Ingresar a la Reserva de Indios en El Paso es toda una experiencia. Originalmente fue una misión religiosa franciscana, conocida como Tigua de Ysleta, de gran importancia cuya finalidad era proteger a los indios y convertirlos a la fe cristiana. Situada en lugar estratégico para llegar a Nuevo México, sobre todo en el siglo XVII, españoles, indios del centro del Virreinato e indios de la propia región, se resguardaban a las orillas del Río Bravo. Como testimonio quedan el templo, actualmente se encuentra en restauración, y algunas construcciones cercanas. Se ha edificado un pequeño museo así como su Casa de Cultura donde se muestran los tejidos actuales y otras artesanías como recuerdo de tiempos pasados. El sentimiento de identidad, el orgullo por el pasado histórico y su reconciliación con la historia hace de sus habitantes un territorio aparte. Cuentan con un casino también en remodelación y tiendas propias.

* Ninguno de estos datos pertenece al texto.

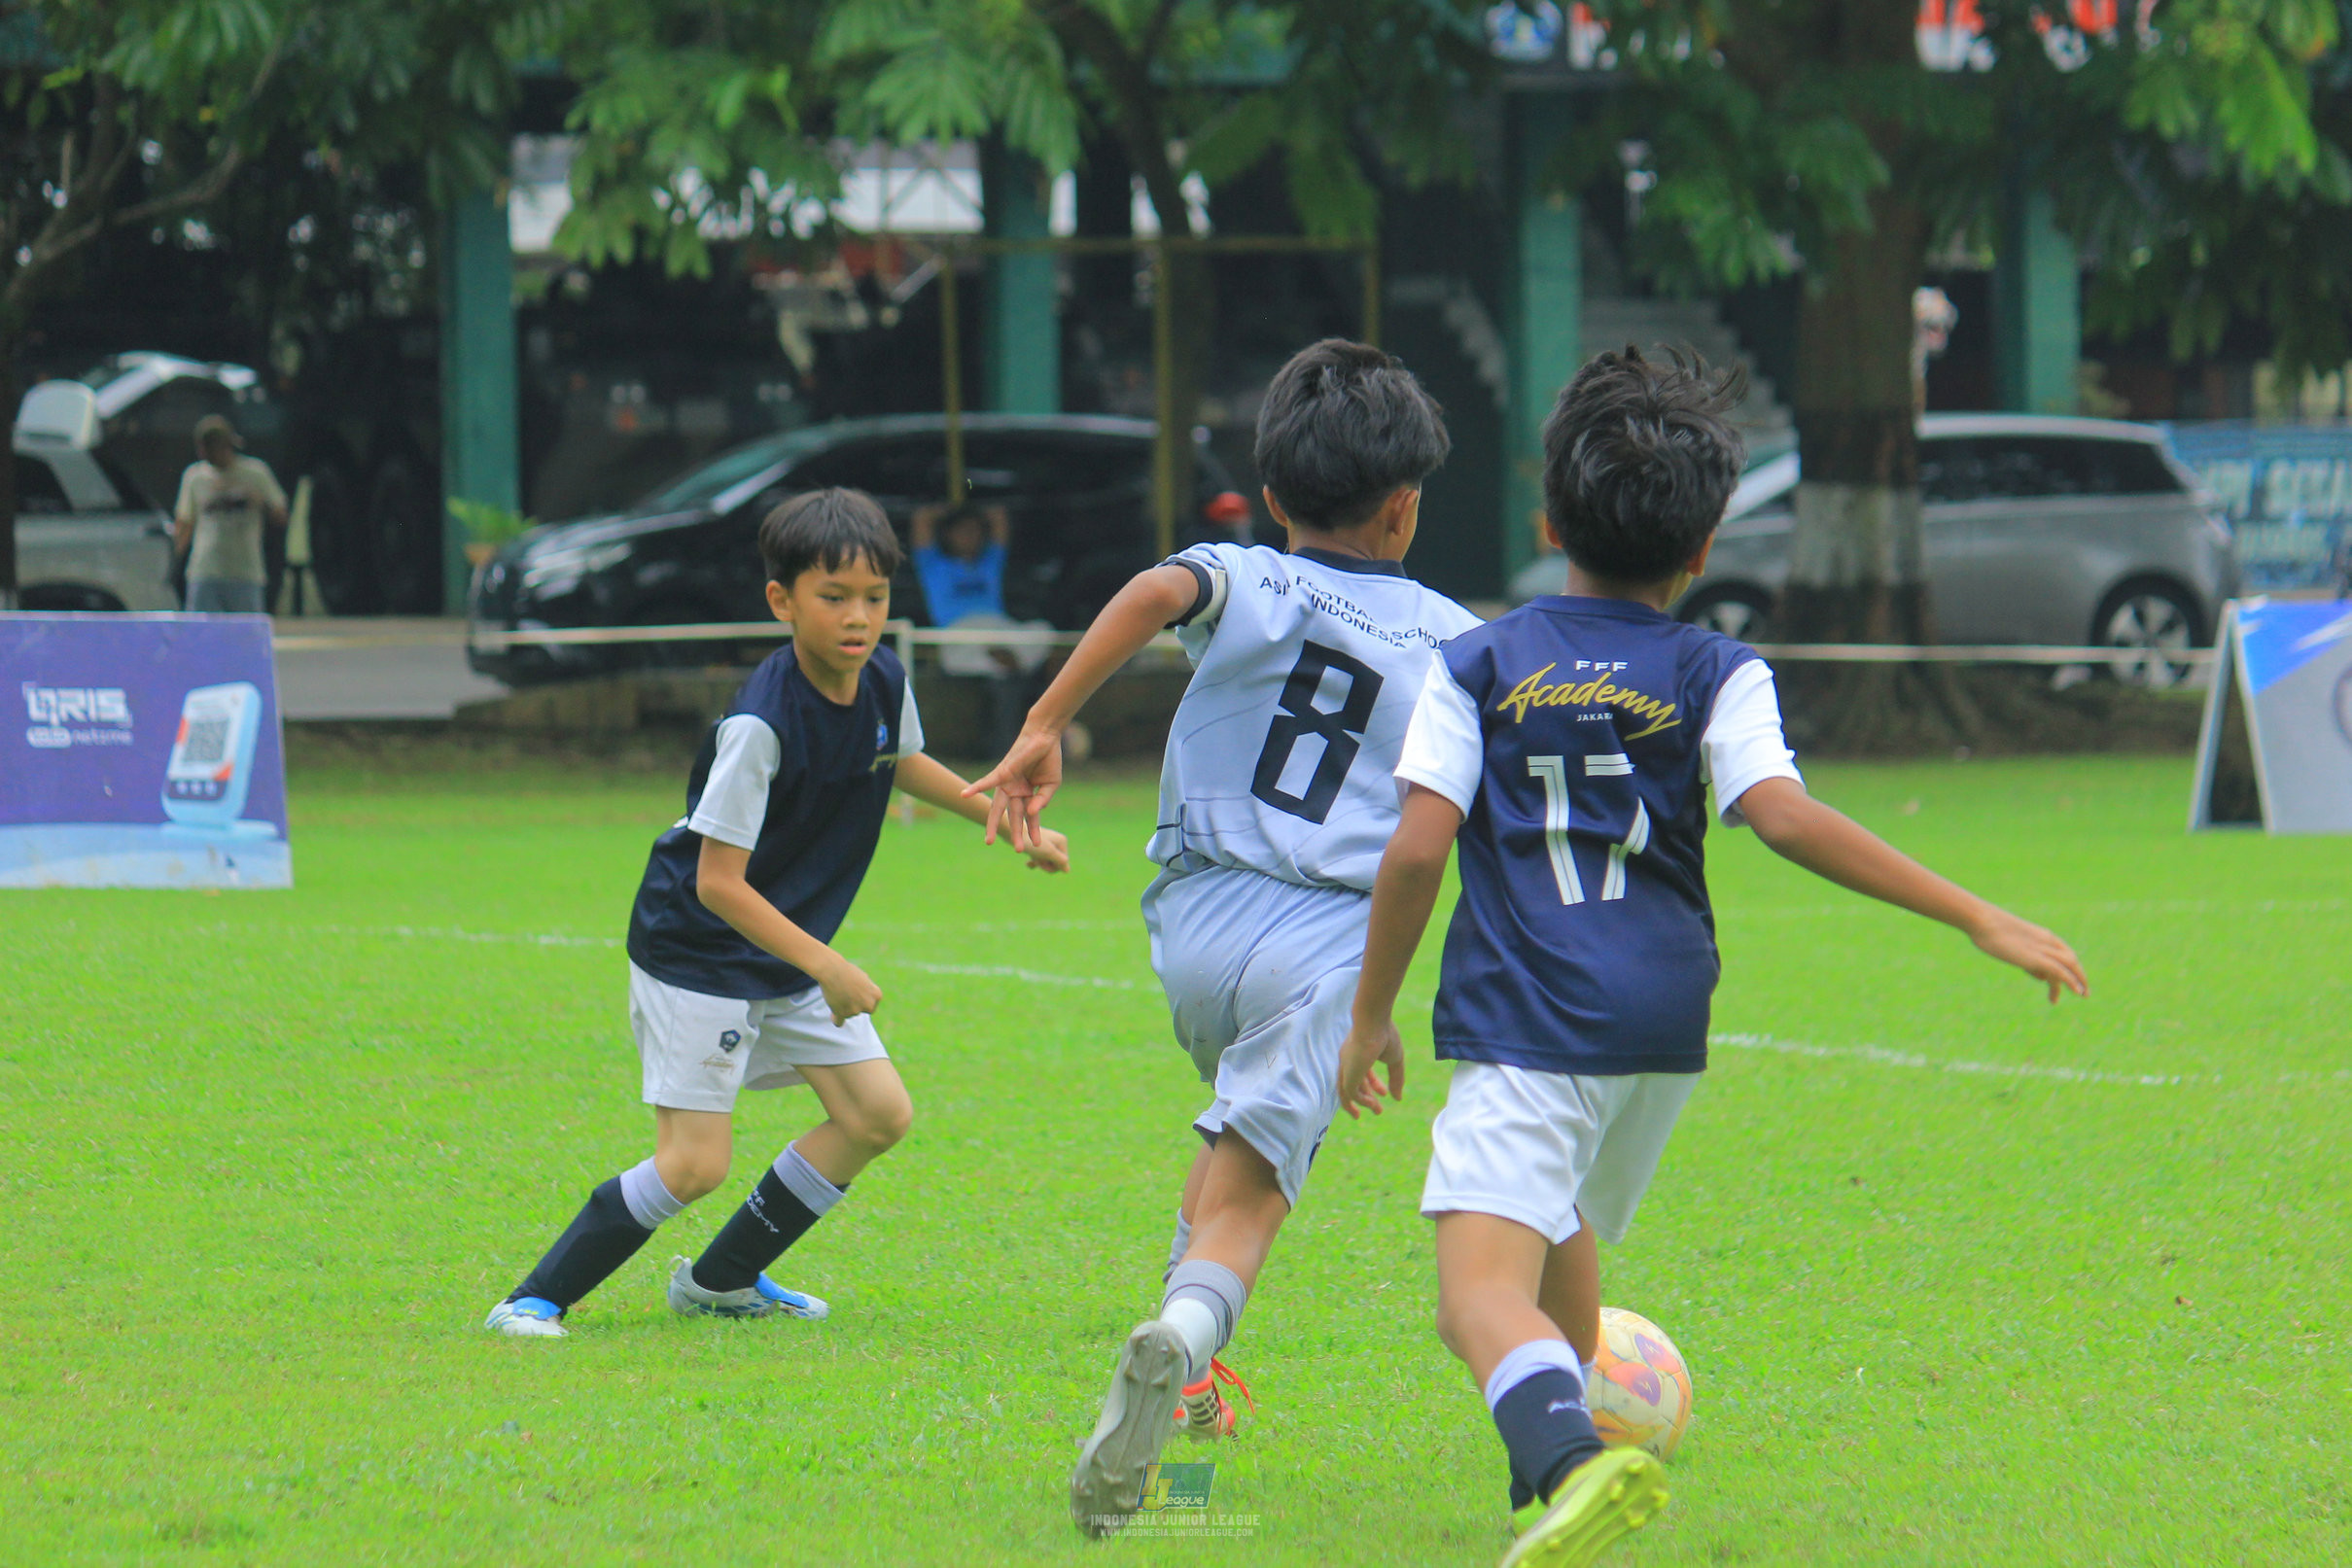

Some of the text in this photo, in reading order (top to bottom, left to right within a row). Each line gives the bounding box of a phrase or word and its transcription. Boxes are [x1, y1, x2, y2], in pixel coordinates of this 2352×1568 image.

[1310, 593, 1408, 649] INDONESIA
[1391, 627, 1449, 649] SCHO
[1575, 659, 1629, 672] FFF
[1250, 639, 1386, 825] 8
[1495, 661, 1683, 742] Academy
[1526, 752, 1651, 906] 17

Finalmente el motivo que me llevó a conocer el sur de los Estados Unidos del que tanto aprendí fue la invitación a dar una conferencia que se celebró en el Museo de El Paso, justo frente al Hotel Camino Real. Curiosa coincidencia. Allí presenté al Centro de Estudios de Historia de México Carso y sus grandes fondos documentales y bibliográficos entre los que destaca la Historia de la Conquista del norte del territorio novohispano, así como biografías de Juan de Oñate y fray Junípero Serra.

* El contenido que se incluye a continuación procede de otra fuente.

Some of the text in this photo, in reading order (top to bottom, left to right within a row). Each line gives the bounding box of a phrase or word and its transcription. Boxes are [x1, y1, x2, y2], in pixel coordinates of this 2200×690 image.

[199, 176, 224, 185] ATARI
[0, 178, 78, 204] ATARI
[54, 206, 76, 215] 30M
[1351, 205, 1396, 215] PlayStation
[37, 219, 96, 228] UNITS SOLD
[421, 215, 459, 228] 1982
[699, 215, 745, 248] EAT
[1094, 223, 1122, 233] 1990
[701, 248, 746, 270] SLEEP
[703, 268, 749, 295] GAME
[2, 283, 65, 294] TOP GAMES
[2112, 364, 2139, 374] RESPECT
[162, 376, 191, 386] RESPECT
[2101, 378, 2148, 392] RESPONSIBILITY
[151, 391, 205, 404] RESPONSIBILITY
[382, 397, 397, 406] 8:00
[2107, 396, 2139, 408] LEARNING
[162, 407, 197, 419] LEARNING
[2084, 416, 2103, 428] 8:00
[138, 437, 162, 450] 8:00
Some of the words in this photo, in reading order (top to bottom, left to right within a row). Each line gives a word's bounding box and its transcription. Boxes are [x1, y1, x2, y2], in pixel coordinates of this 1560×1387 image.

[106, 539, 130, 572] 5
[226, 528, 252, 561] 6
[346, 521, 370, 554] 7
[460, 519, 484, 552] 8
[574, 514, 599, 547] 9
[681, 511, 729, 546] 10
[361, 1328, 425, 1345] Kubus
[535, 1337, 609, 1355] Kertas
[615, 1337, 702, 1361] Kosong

Tenemos la necesidad de conocer nuestra historia, de saber que los territorios de Texas fueron provincias lejanas de la Nueva España e incluso al México Independiente. Los pueblos texanos están reconciliados con su pasado y muestran con orgullo su raíz mexicana.

Epilogo al viaje

De la casa de la Cónsul de España en El Paso, salí a las seis de la mañana al aeropuerto, no sin que la propia Cónsul preparara el café cuyo aroma llegaba hasta mi habitación. El trayecto es rápido y en menos de media hora pasaba migración. Qué sorpresa me esperaba al final del viaje.

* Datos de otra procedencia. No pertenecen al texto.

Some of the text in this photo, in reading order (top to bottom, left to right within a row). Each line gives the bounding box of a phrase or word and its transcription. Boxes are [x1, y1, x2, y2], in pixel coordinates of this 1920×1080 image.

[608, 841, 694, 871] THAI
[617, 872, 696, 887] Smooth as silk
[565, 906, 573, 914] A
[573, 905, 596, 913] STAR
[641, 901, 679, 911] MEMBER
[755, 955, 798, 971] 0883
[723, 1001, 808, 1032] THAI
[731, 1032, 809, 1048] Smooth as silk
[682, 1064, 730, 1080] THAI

Cuando llegué con el agente para pasar migración, este me solicitó el pasaporte, el cual mostré con toda seguridad de tener el pase inmediato. Su aspecto más mexicano que norteamericano casi con placer me dijo: usted salió de los Estados Unidos y entró de forma ilegal. Ante mi asombro le comenté que efectivamente había cruzado la frontera en Ojinaga pero que había ingresado de inmediato. “Suficiente para ser ilegal”, comentó. Con temor le pregunté por lo que debía hacer: “Es su problema señor, no el mío. Deberá ir a la frontera a que le sellen el pasaporte”.

Me preguntaba ¿cómo sabía que había salido de los Estados Unidos? ¿Será que los sistemas satelitales son tan sofisticados? ¿Qué hacer? ¿Regresaría al consulado de España? ¿Tendría que desplazarme para ir al “puente” de El Paso?

En medio de la angustia finalmente el agente me dijo: “Disculpe, no había visto el sello en su pasaporte, pase”.